*** Block opens ***

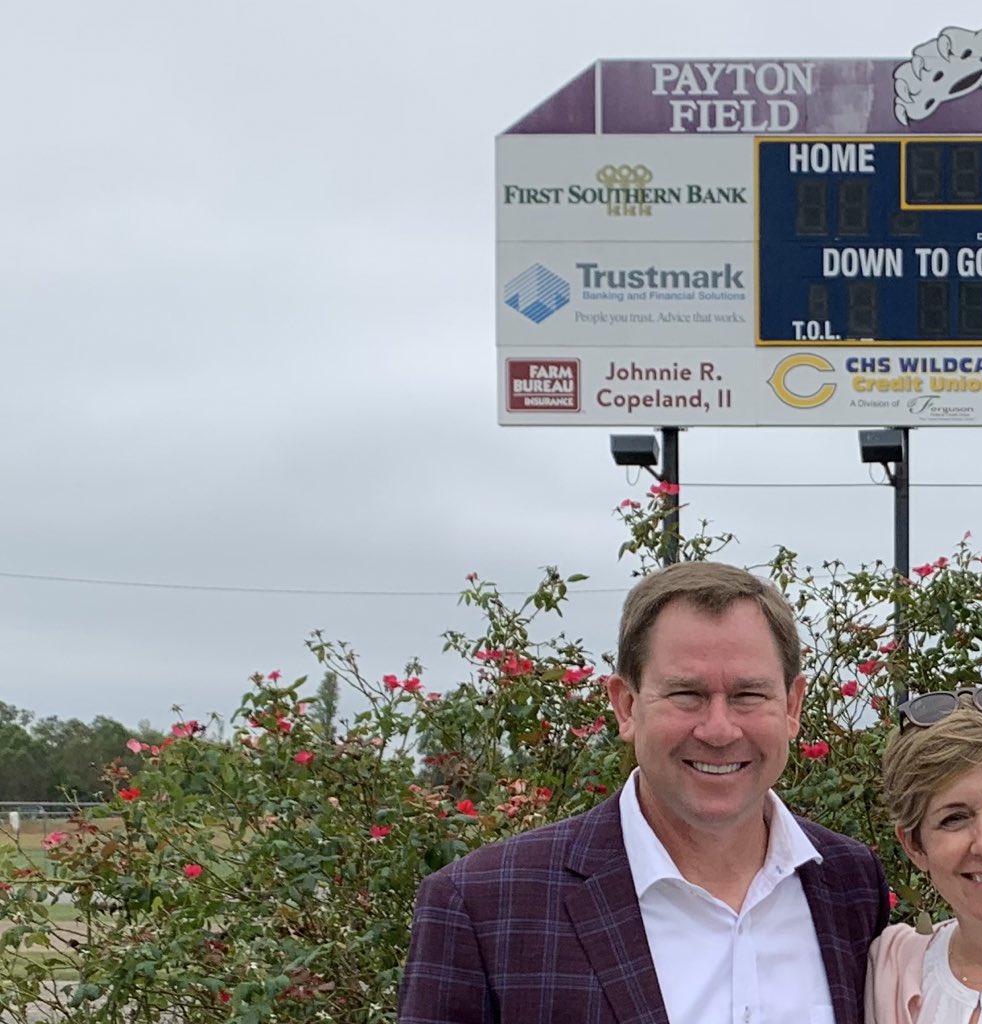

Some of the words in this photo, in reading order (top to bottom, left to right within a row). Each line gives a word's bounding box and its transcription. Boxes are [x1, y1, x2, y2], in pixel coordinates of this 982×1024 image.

[652, 62, 815, 95] PAYTON
[669, 100, 799, 132] FIELD
[789, 143, 875, 173] HOME
[503, 184, 563, 204] FIRST
[568, 184, 681, 204] SOUTHERN
[686, 184, 747, 204] BANK
[823, 248, 903, 277] DOWN
[915, 248, 949, 277] TO
[575, 263, 744, 289] Trustmark
[583, 291, 625, 302] Banking
[627, 291, 646, 300] and
[650, 291, 695, 300] Financial
[698, 291, 746, 300] Solutions
[575, 311, 607, 325] People
[607, 314, 628, 325] you
[657, 311, 690, 322] Advice
[692, 311, 712, 322] that
[792, 320, 841, 341] T.O.L.
[529, 364, 573, 379] FARM
[605, 362, 692, 381] Johnnie
[700, 362, 722, 381] R.
[846, 357, 891, 373] CHS
[513, 379, 574, 393] BUREAU
[852, 375, 923, 393] Credit
[524, 397, 574, 407] INSURANCE
[596, 389, 710, 413] Copeland,
[858, 399, 889, 407] Division
[891, 399, 900, 407] of
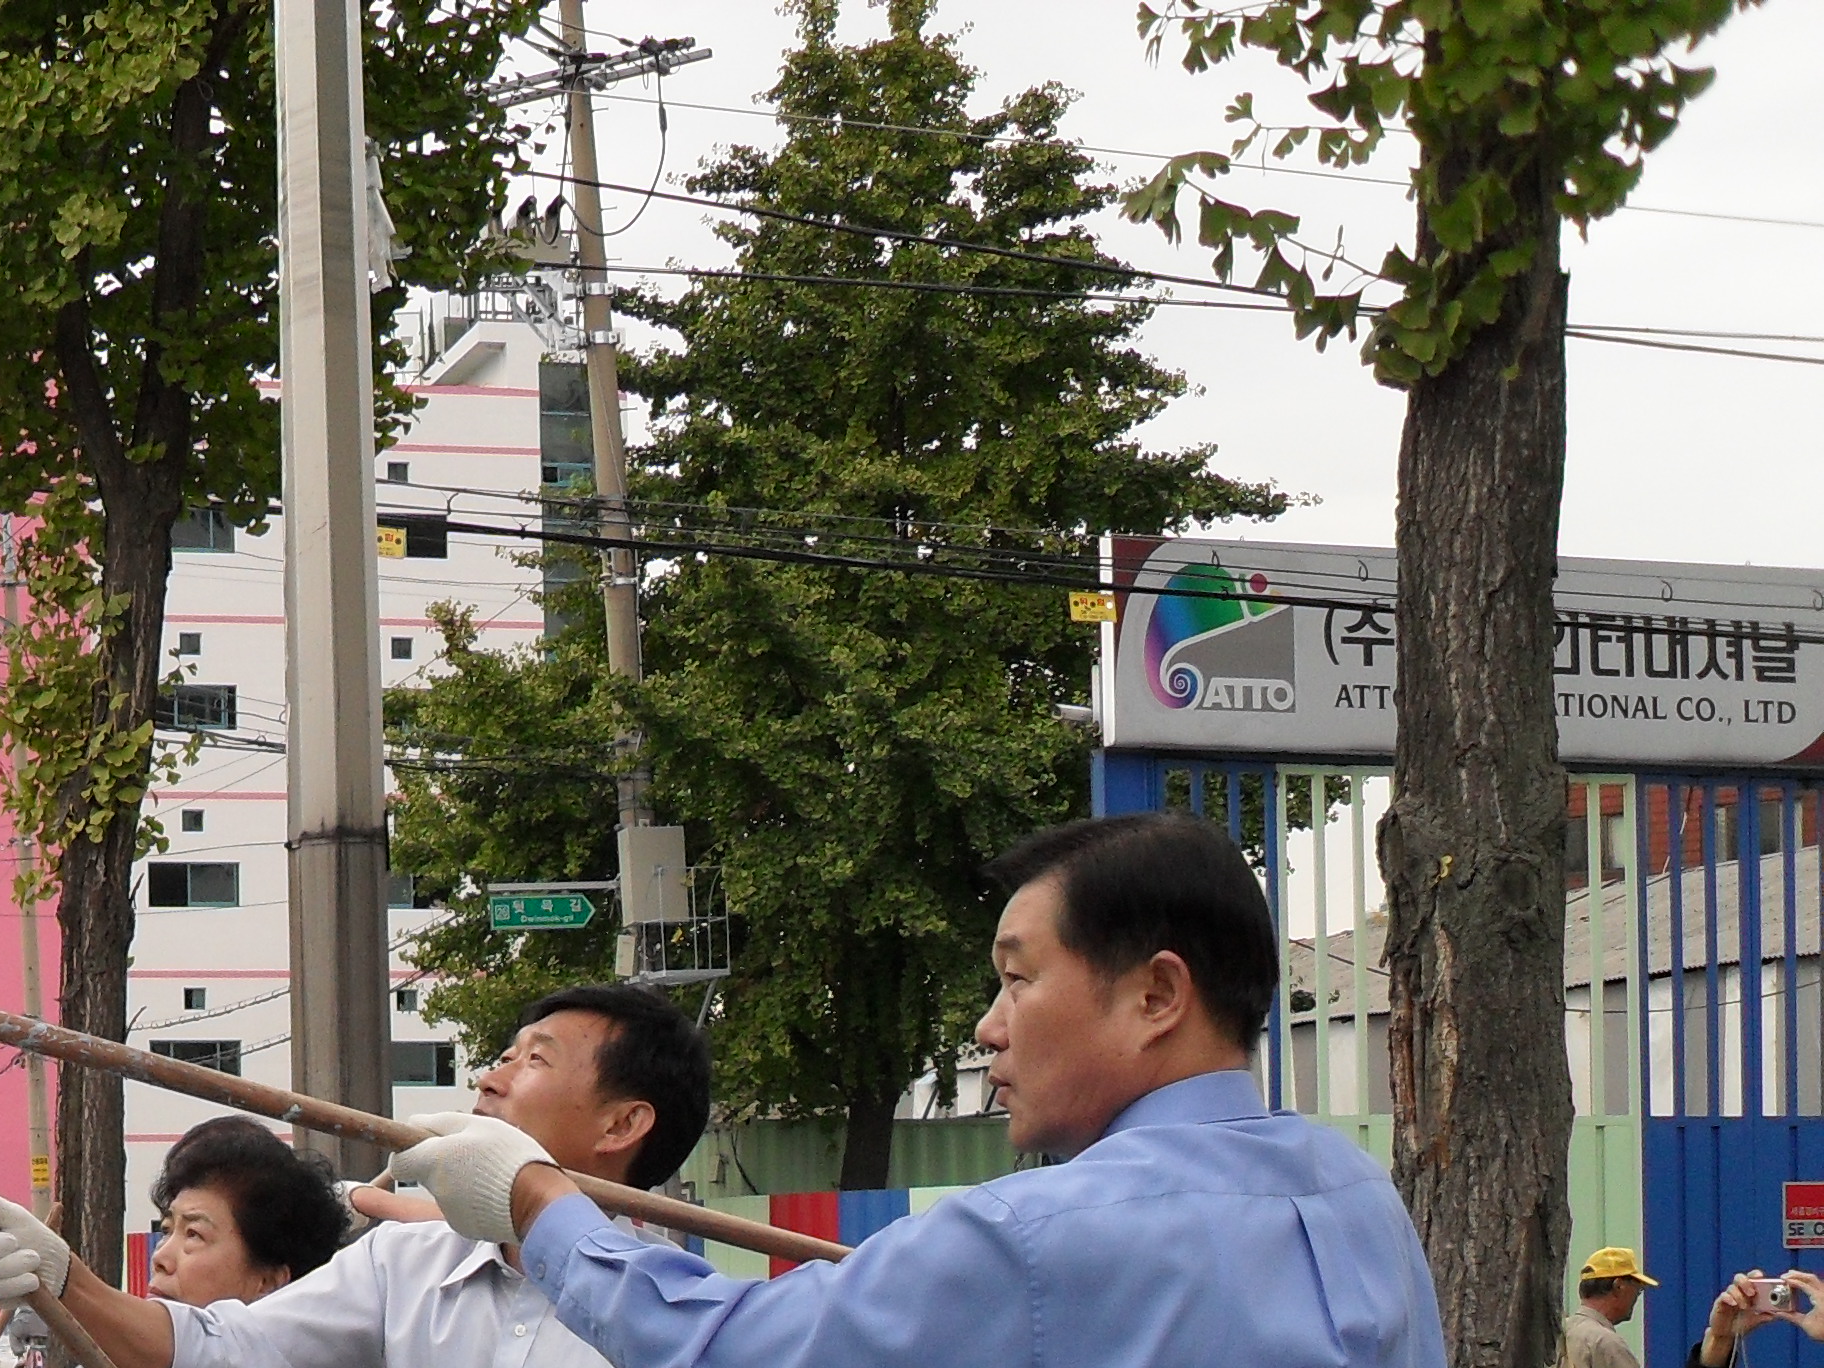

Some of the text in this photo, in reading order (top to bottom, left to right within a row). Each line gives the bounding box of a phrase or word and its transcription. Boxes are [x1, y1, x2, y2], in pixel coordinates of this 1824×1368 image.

[1202, 676, 1295, 711] ATTO
[1334, 683, 1798, 727] ATT TIONAL CO., LTD
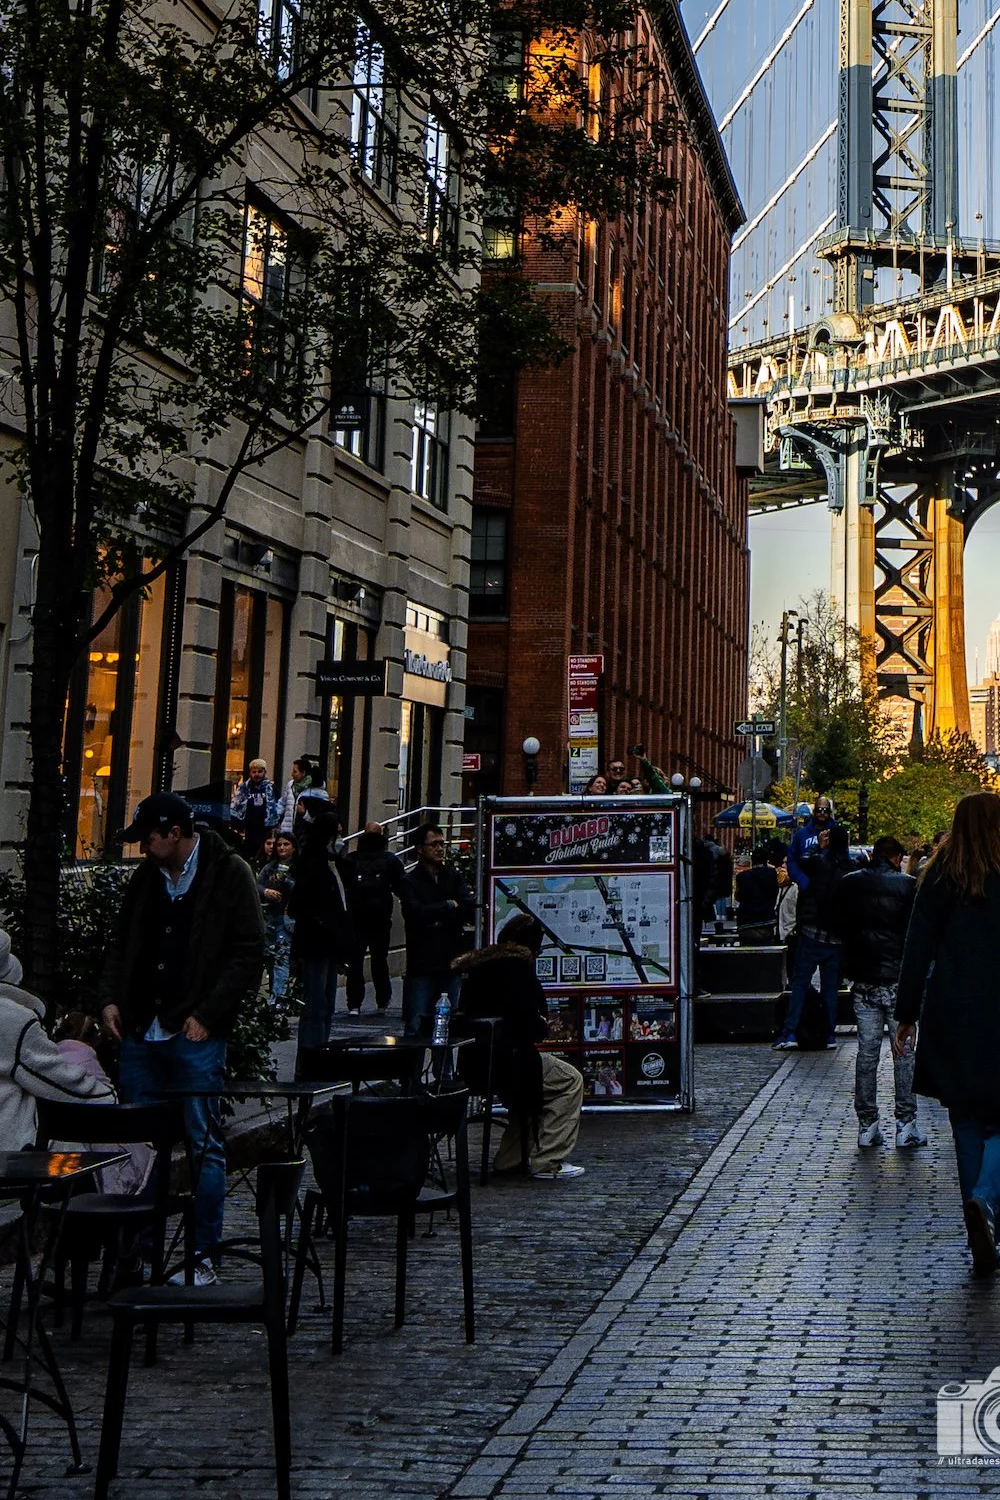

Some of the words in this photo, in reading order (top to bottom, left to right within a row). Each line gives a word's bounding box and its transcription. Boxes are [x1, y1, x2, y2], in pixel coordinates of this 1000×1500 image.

*** Block closes ***

### PROBLEM DESCRIPTION
Each record should be given again exactly, with no picture carried over.

### OUTPUT FOR THIS TASK
Some of the words in this photo, in reading order (top to bottom, left to right within a row). Each line gives a word's bounding box and its transcription. Boxes are [x1, y1, x2, y2], in pixel coordinates of this 982×1024 image.

[652, 62, 815, 95] PAYTON
[669, 100, 799, 132] FIELD
[789, 143, 875, 173] HOME
[503, 184, 563, 204] FIRST
[568, 184, 681, 204] SOUTHERN
[686, 184, 747, 204] BANK
[823, 248, 903, 277] DOWN
[915, 248, 949, 277] TO
[575, 263, 744, 289] Trustmark
[583, 291, 625, 302] Banking
[627, 291, 646, 300] and
[650, 291, 695, 300] Financial
[698, 291, 746, 300] Solutions
[575, 311, 607, 325] People
[607, 314, 628, 325] you
[657, 311, 690, 322] Advice
[692, 311, 712, 322] that
[792, 320, 841, 341] T.O.L.
[529, 364, 573, 379] FARM
[605, 362, 692, 381] Johnnie
[700, 362, 722, 381] R.
[846, 357, 891, 373] CHS
[513, 379, 574, 393] BUREAU
[852, 375, 923, 393] Credit
[524, 397, 574, 407] INSURANCE
[596, 389, 710, 413] Copeland,
[858, 399, 889, 407] Division
[891, 399, 900, 407] of

Some of the text in this photo, in reading order (top to bottom, left to right within a row). Each line gives the bounding box of a phrase or word and its transcription. Boxes are [x1, y1, x2, y2], in pixel coordinates of this 1824×1368 image.

[1202, 676, 1295, 711] ATTO
[1334, 683, 1798, 727] ATT TIONAL CO., LTD

Some of the words in this photo, in reading order (top to bottom, left to right within a row). Each line gives a word's bounding box and its transcription. Boxes are [x1, y1, x2, y2], in pixel coordinates of this 1000×1500 image.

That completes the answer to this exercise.